We are hearing substantial reports of a Middle Eastern connection
to this attack and media coverage has frequently mentioned the name
of Osama bin Laden as the number one terrorist suspect and mastermind
of this operation. If this evidence is verified, it is extremely important
to gain clarity about the specific actors and their motivations before
one can even think about how to respond.
For Americans who like their hero's and villains portrayed in simple
dichotomies of good and evil, the result of this kind of clarity could
be disturbing because the United States has created many enemies through
its policies in the Middle East over the past century and bears a significant
amount of responsibility for creating a fertile soil for anti-American
hatred.
Who is behind the attacks?
The recent attacks are most likely related to an escalating series
of attacks and bombings on U.S. targets over the past 10 years, including
the 1998 bombings of U.S. embassies in Kenya and Tanzania in which
hundreds were killed. This attack followed a 1996 car-bomb attack on
a U.S. barracks in Dharahan, Saudi Arabia that killed 19 Americans
and a 1995 car-bomb attack on an American National Guard Training center
in Riyadh, Saudi Arabia, and, of course, the 1993 World Trade Center
truck-bombing.
All of these attacks have been attributed to Islamic radicals based
in the Middle East and Central Asia under the rubric of a very hazy
notion of "Islamic fundamentalism." Indeed a number of people from
these regions with links to certain militant Islamic groups have been
arrested and charged in some of these actions. Breathless reports of
a shadowy Islamic conspiracy against the U.S. have generated a steady
stream of clichi's about this new enemy and its hatred of the U.S.,
but unfortunately precious little light has been shed on understanding
why this is happening and what exactly these people believe. Their
enmity towards the U.S. is explained as little more than the product
of a fanatical and inherently anti-Western and anti-American world
view.
Stephen Emerson, a so-called terrorism expert who frequently appears
in the media, claims that "the hatred of the US by militant Islamic
fundamentalists is not tied to any particular act or event. Rather,
fundamentalists equate the mere existence of the West-its economic,
political and cultural systems-as an intrinsic attack on Islam."
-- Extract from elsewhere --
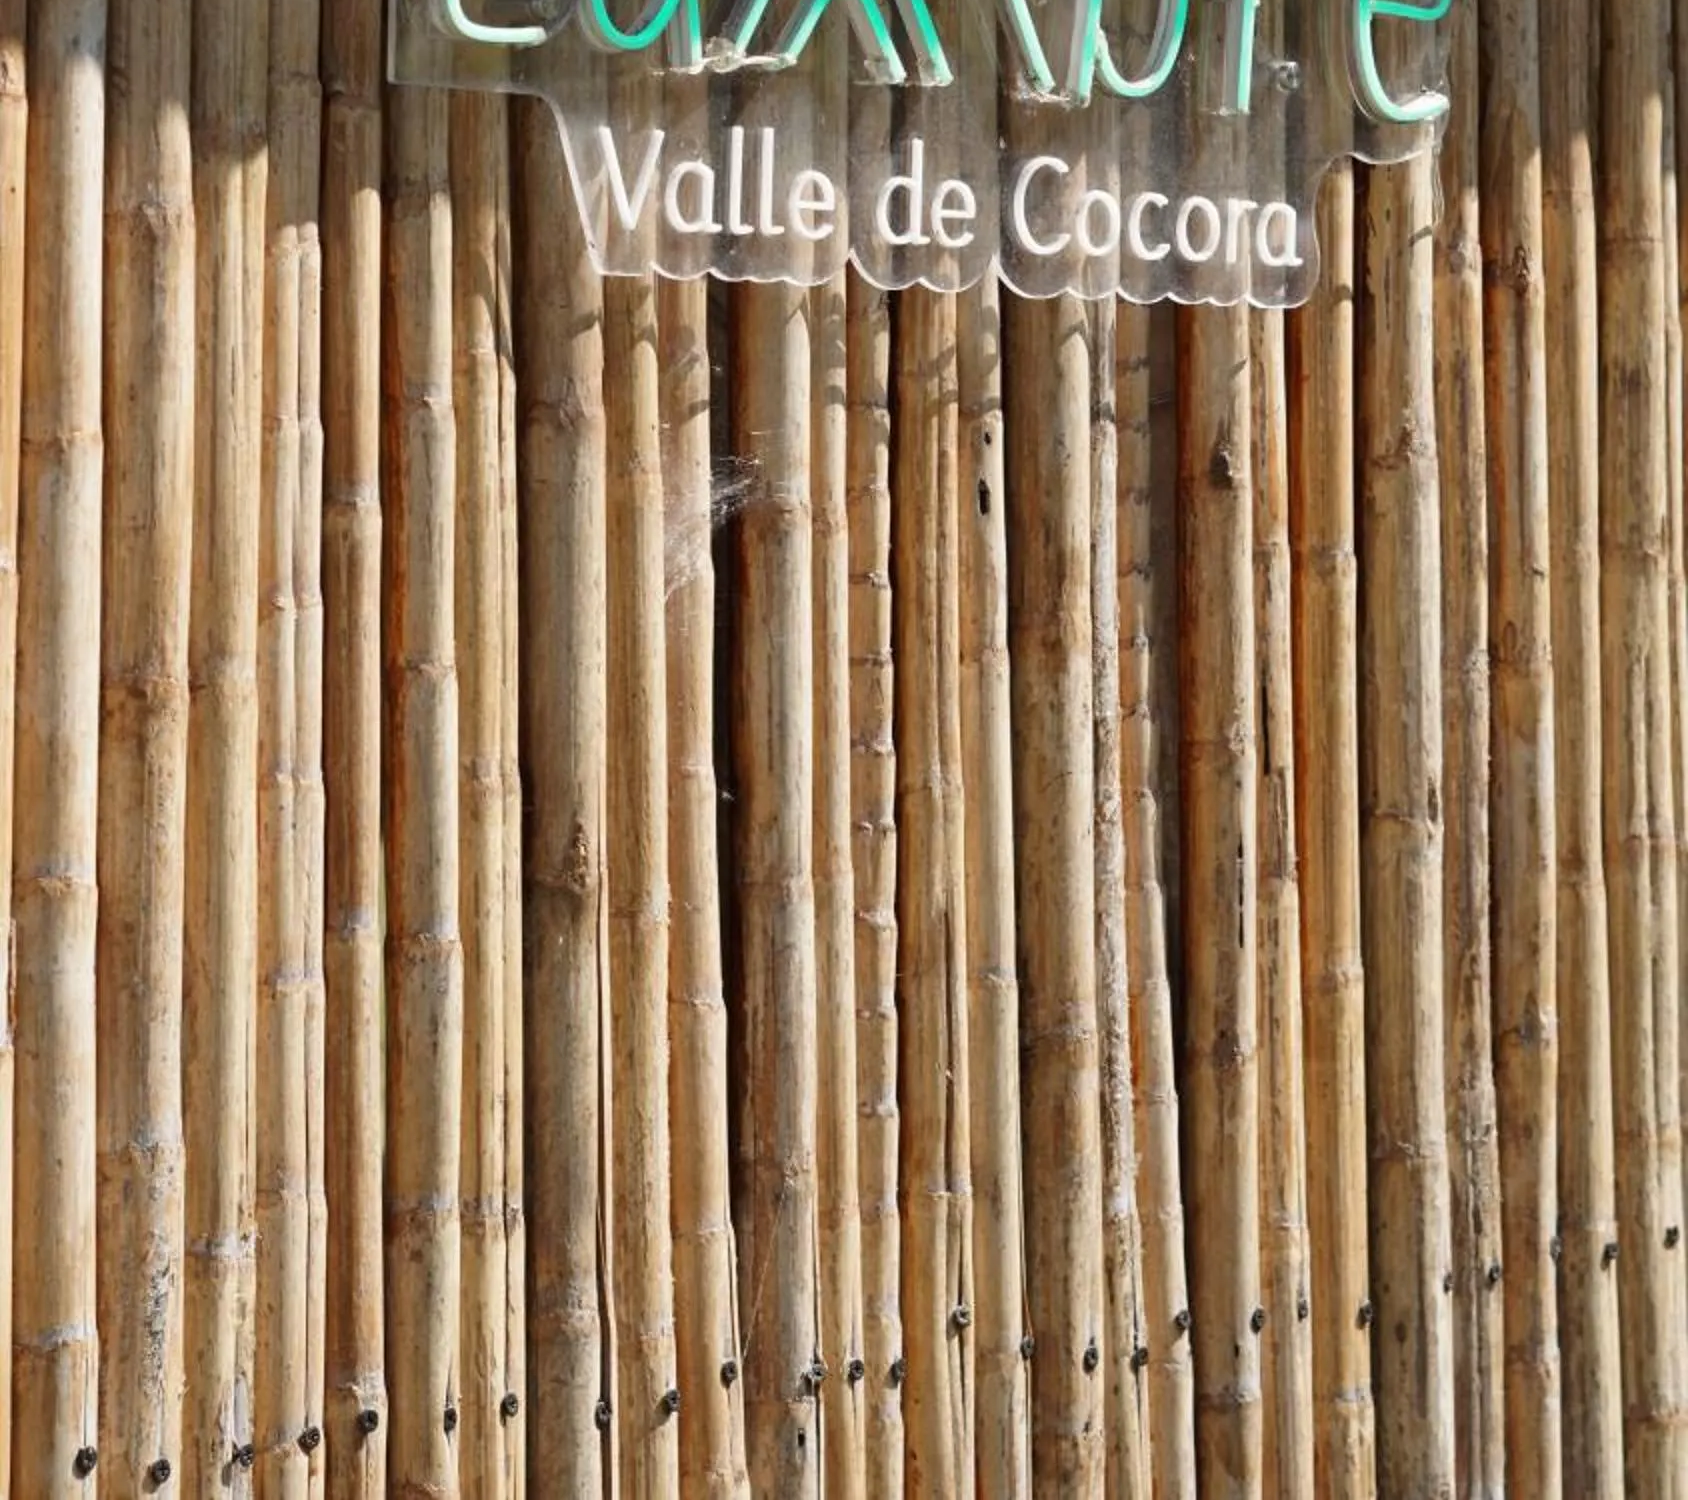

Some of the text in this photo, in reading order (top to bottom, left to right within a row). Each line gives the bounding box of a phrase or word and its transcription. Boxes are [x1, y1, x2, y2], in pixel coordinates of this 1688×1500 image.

Any explanation of Middle Eastern violence that relies upon the notion
that Islam is an inherently violent or inherently anti-Western religion
is false and misleading.
First, Islam is one of the world's largest and most diverse religions
and like Christianity or Judaism there are thousands of views within
Islam about the religion and also about violence and the West.
Secondly, there are major differences even among explicitly Muslim
militants and activists regarding these issues-some insist upon non-violent
struggle and others regard violence as a legitimate tool. There is
no way one can generalize about Islam or any religion for that matter.
So who are the perpetrators and what drove them to carry this horrendous
act? The most likely perpetrators of these attacks are related to an
extremely small and fringe network of militants whose motivations do
not derive from Islam so much as from a common set of experiences and
beliefs that resulted from their participation in the U.S. backed war
against the Soviet Union in Afghanistan in the 1980's.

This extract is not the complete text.